At what point are we sacrificing our freedoms by giving into these security fears? If a simple feminine hygiene product can be grounds for an invasive search, where do we draw the line? In the Tri-Cities Airport alone, over 40 harassment complaints were filed in the last year, with at least a quarter of them linked to humiliating, invasive physical touching. Sexual complaints are regularly filed with the agency as well it seems. Many more were about alleged damaged and missing personal items. The TSA has been failing its mandate since its inception: it failed tests in 2003, 91% failure rate at Newark Liberty International in 2006, 75% failure rate at Los Angeles International in 2007, more failures in 2008. These are only a few examples, and only the publicly released results. Who knows what internal reports the TSA has kept out of the media?

I understand that security screening is an incredibly boring job, and it’s hard to stay constantly vigilant. Technological failures are also inevitable. For example, screening technologies we have right now are terrible at detecting the plastic explosive PETN (that’s what the underwear bomber had) and that a disassembled weapon can pretty much always make it through airport security. You can even use items allowed by the TSA to stab people.
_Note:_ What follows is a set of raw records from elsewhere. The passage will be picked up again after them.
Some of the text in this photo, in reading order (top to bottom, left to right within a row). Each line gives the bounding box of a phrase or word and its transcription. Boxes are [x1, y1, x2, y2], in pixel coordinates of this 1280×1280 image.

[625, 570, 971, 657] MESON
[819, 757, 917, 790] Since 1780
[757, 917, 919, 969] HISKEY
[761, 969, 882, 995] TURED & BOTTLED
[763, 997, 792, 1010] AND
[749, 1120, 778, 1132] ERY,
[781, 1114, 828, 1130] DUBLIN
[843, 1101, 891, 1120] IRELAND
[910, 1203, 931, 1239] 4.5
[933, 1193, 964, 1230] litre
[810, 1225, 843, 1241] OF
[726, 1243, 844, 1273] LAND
We haven’t even delved into the discrimination and blatant racial profiling of passengers; where retired police chief Hassan Aden of North Carolina was detained for almost two hours; CNN’s Angela Rye- who has a Homeland Security background- endured a humiliating, invasive pat-down; and trauma surgeon Christine Trankiem was escorted to a private room for an intense search.

“In [the separate room] I found at least two dozen travelers; all but two had varying shades of brown and yellow skin,” Trankiem said. “Never in my life did I ever think that as an American citizen I would be subject to this kind of racial profiling and scrutiny. It makes me fearful of the climate of our country and where we are headed.”
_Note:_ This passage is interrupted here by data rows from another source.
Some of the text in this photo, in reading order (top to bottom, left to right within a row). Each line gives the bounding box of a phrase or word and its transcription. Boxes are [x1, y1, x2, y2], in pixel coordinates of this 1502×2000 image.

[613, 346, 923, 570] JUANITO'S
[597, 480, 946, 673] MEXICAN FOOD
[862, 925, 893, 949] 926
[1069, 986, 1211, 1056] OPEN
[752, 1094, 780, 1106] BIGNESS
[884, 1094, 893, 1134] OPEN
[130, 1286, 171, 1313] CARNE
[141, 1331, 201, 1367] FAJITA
Look, we don’t need perfect airport security. We need security that’s good enough to dissuade someone from building a plot around evading it. If someone is caught with a gun or a bomb, the TSA calls the FBI. Bruce Schneier expertly coined the term “security theater,” and I cannot think of a better description for our TSA. My apologies to the individuals at the agency, but I have yet to see the effectiveness of any of their measures.

The TSA is failing to defend us against the threat of terrorism; thankfully, terrorists are much rarer than we think. Sorry President Trump, I know it goes against your constant fear mongering, but launching a terrorist plot is much more difficult than we think. The attacks being covered by the media as of late are far and few between. The TSA’s consistently high failure rates of detecting threats seem like the overarching powers we’ve given them at airports are just for show, and I find it hard to justify the invasions of privacy and personal space we’ve allowed them.

We need to question why we are constantly expanding the powers given to the TSA, especially as their results are abysmal. Bring it back to a time when a video of a TSA agent using the front of his hands on a 12-year old boy’s genital area would be evidence in a courtroom, not “protocol,” or else it might be time for the curtain to close on this security show.